Blasmusikpop oder Wie die Wissenschaft in die Berge kam: Roman (German Edition)
nacheinander liefen der Schiedsrichter, die Spieler der Jugend- und Kampfmannschaft, Zeugwart, Platzwart, die Zuschauer und sogar der Grillmeister herbei. Wirr redeten alle aufeinander ein.
»Geh, steh auf Bua und rear net so, des woar jo nix!«
Der gegnerische Trainer wollte Johannes am Ellbogen hochziehen, Peter Parseier schlug ihm auf den Unterarm.
»Hast an Scherer? Des woar schwerste Körperverletzung!«
»Geh, des woar do nur a klane Gretschn.«
Parseiers Augen blitzten auf wie das Mündungsfeuer einer Schusswaffe.
»A klane Gretschn?
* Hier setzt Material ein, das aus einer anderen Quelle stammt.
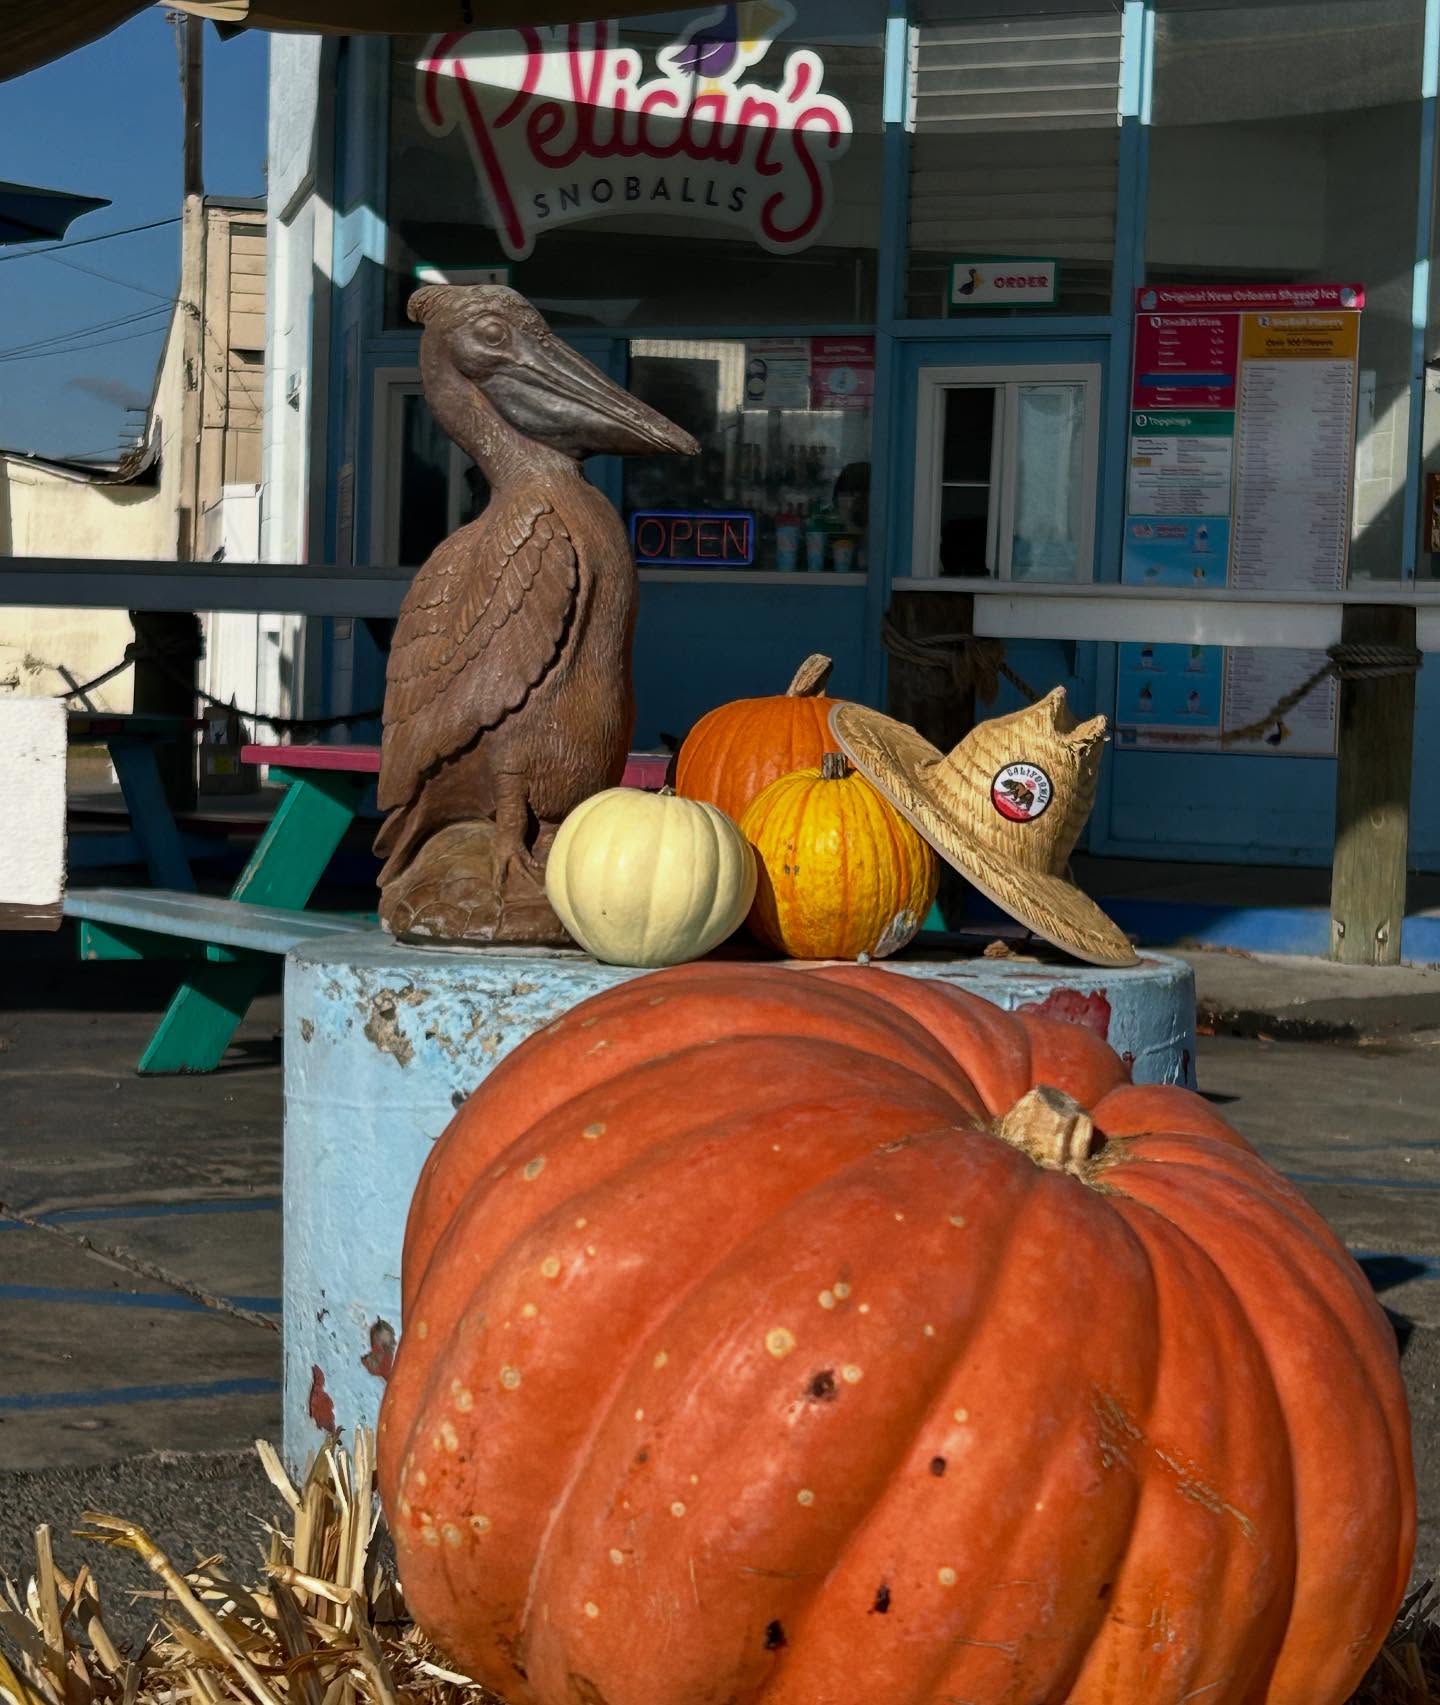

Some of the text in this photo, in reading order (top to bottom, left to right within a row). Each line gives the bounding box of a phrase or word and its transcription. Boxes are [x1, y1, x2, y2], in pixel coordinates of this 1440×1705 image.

[425, 20, 840, 250] Pelican's
[533, 176, 750, 218] SNOBALLS
[993, 276, 1049, 289] ORDER
[1160, 291, 1205, 303] Original
[1207, 291, 1231, 301] New
[1232, 290, 1277, 301] Orleans
[637, 519, 749, 559] OPEN
[1006, 766, 1048, 803] CALIFORNIA
A Blutgretschn!«
»Geh, du bist jo deppert.«
»Pass auf, sonst brich i dir dein schiarchn Zinken!«
»Des wüll i sehn, wia du mit deine Kasstrampler mir wos tun wüllst.«
Mühsam kämpfte sich der Schiedsrichter durch die streitende Menge zu dem Verletzten, und während er versuchte, Johannes’ Gesundheitszustand zu eruieren, wurde aus der Diskussion der Trainer ein Massenstreit über die Schwere dieses Fouls. Jeder stritt mit seinem Nachbarn, und noch bevor Johannes von den älteren Burschen auf eine Trage gelegt und ins Klubhaus getragen werden konnte, eskalierte die Auseinandersetzung rund um Alois Irrwein, der seine Fäuste nicht mehr zurückhalten konnte.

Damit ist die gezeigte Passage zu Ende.